Children face surveillance from their earliest digital moments. Games, apps, educational platforms, and school systems harvest data on children long before those children understand what data means. The FTC brought enforcement actions against education technology companies storing records on more than ten million students. Age verification systems create new privacy problems by requiring biometric data to prove age. The tools marketed to protect children expose children to entirely new forms of data collection.
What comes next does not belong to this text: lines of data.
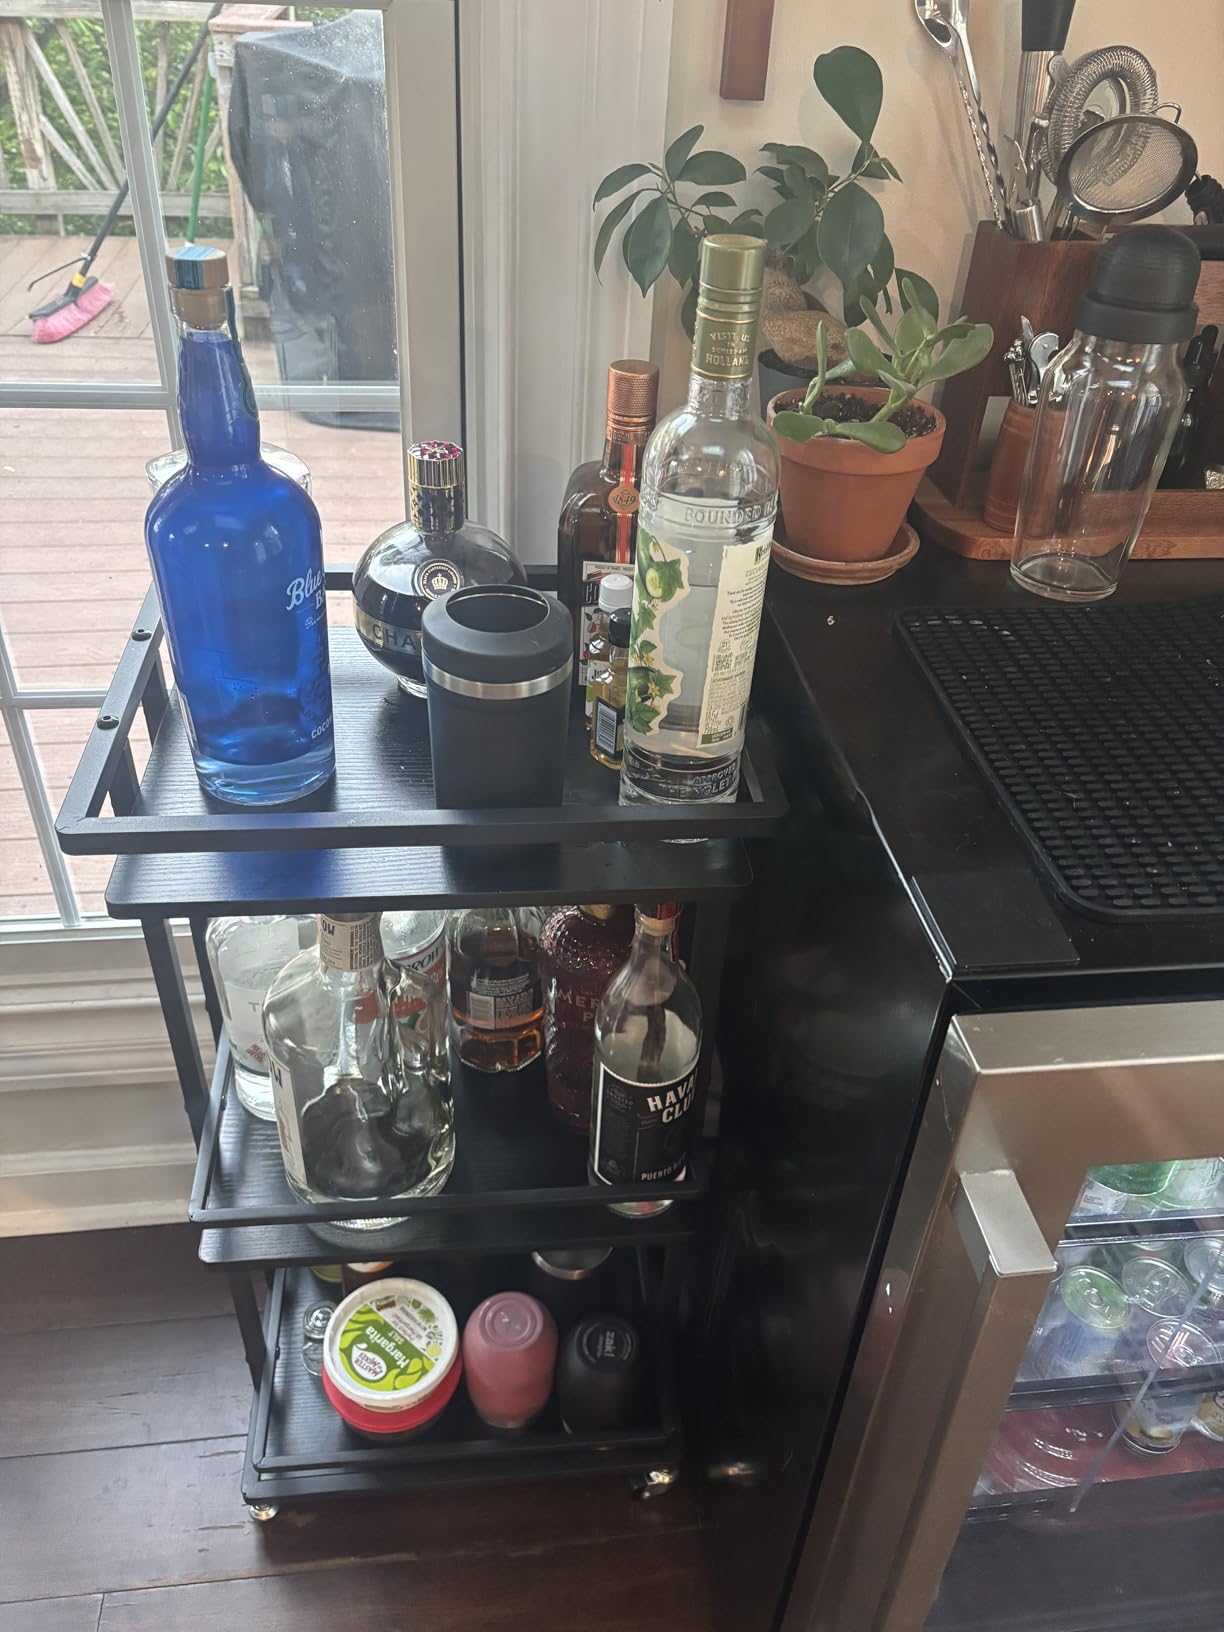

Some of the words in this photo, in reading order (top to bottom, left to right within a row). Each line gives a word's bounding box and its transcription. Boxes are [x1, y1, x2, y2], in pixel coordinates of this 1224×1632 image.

[685, 504, 762, 525] FOUNDED
[285, 567, 323, 611] Blue
[646, 1069, 698, 1112] HAVA
[662, 1091, 696, 1124] CLU
[364, 1325, 410, 1369] Margarita
[604, 1330, 617, 1358] zak!
The System Built to Fail You
The absence of a federal privacy law is not an oversight. Powerful industries have spent decades lobbying Congress to keep privacy legislation from reaching the finish line. Cookie banners are engineered to exhaust you into clicking Accept All. Privacy policies average more than 7,000 words. The FTC has documented opt out buttons placed on websites knowing those buttons did not function. California has brought enforcement actions against businesses ignoring Global Privacy Control signals. The entire architecture of digital consent exists to ensure you agree without understanding what you are agreeing to.
Behind consent theater, companies use your browsing history and location and income estimates to charge you different prices for the same products. Tenant screening companies compile reports determining whether you get an apartment. Background check firms generate dossiers influencing whether you get a job. Errors are common. Most people never learn these reports exist until a decision has already gone against them. And federal agencies including ICE, the FBI, and the DEA routinely purchase location and behavioral data from commercial brokers, bypassing the Fourth Amendment entirely. The Fourth Amendment Is Not For Sale Act passed the House and died in the Senate. And someone is still tracking you.
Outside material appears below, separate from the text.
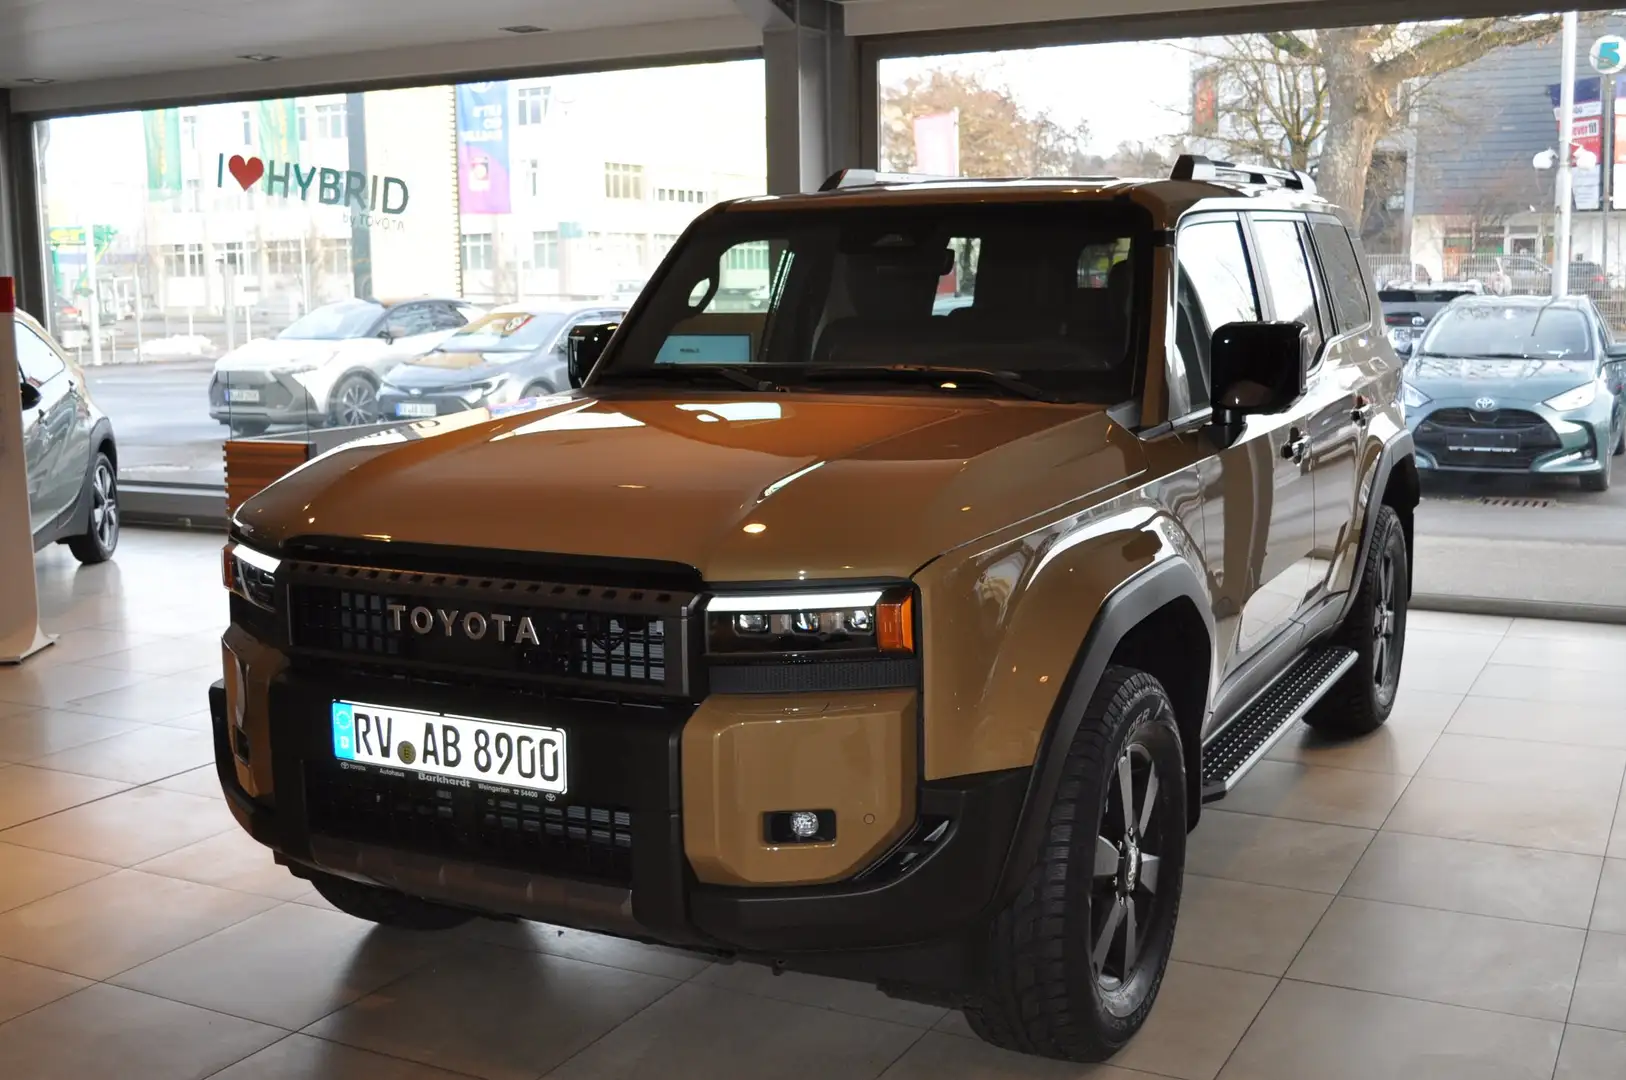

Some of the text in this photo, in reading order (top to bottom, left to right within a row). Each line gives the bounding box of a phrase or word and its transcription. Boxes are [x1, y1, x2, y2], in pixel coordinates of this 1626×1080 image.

What This Book Will Give You
This book takes you from understanding to action. The early chapters reveal the structural failures making everything else possible. The middle chapters walk you through biometric surveillance, government surveillance, deepfake technology, AI powered fraud, chatbot data collection, the collapse of health data protections, reproductive privacy dangers, the genetic privacy crisis, and the surveillance tracking your children. The later chapters expose phone number hijacking, data breaches, government data purchases, algorithmic pricing discrimination, and consent theater. Each chapter includes real stories. Each chapter explains the mechanism. Each chapter tells you what the law protects and what the law leaves exposed. Each chapter ends with concrete steps you take right now. The final chapter gives you a thirty minute privacy action plan for you and your family.
I did not write this book for privacy professionals, Silicon Valley engineers or politicians. I wrote this book for the parent checking their kid's phone at the dinner table, for the grandmother who got a call from someone who sounded exactly like her grandson asking for money, for every American who has ever clicked Agree without reading what they agreed to, which is all of us.
I have spent my career fighting for people who were told to read the fine print, to accept the terms, to trust the process. The process is broken. The fine print is a trap. You deserve to know what is happening to your information. You deserve to understand who profits from the collection and sale of your personal life. You deserve a guide who will tell you the truth in plain language, without hedging and without pretending the situation is less urgent than the situation truly is.
The companies profiting from your data are counting on you to stay confused, to stay overwhelmed, to stay passive. Every chapter you are about to read replaces confusion with clarity. Every action step replaces passivity with power.
You did not agree to be the product. You do not have to remain the product. Start reading. Start fighting back. Your privacy is worth the fight, and so are you.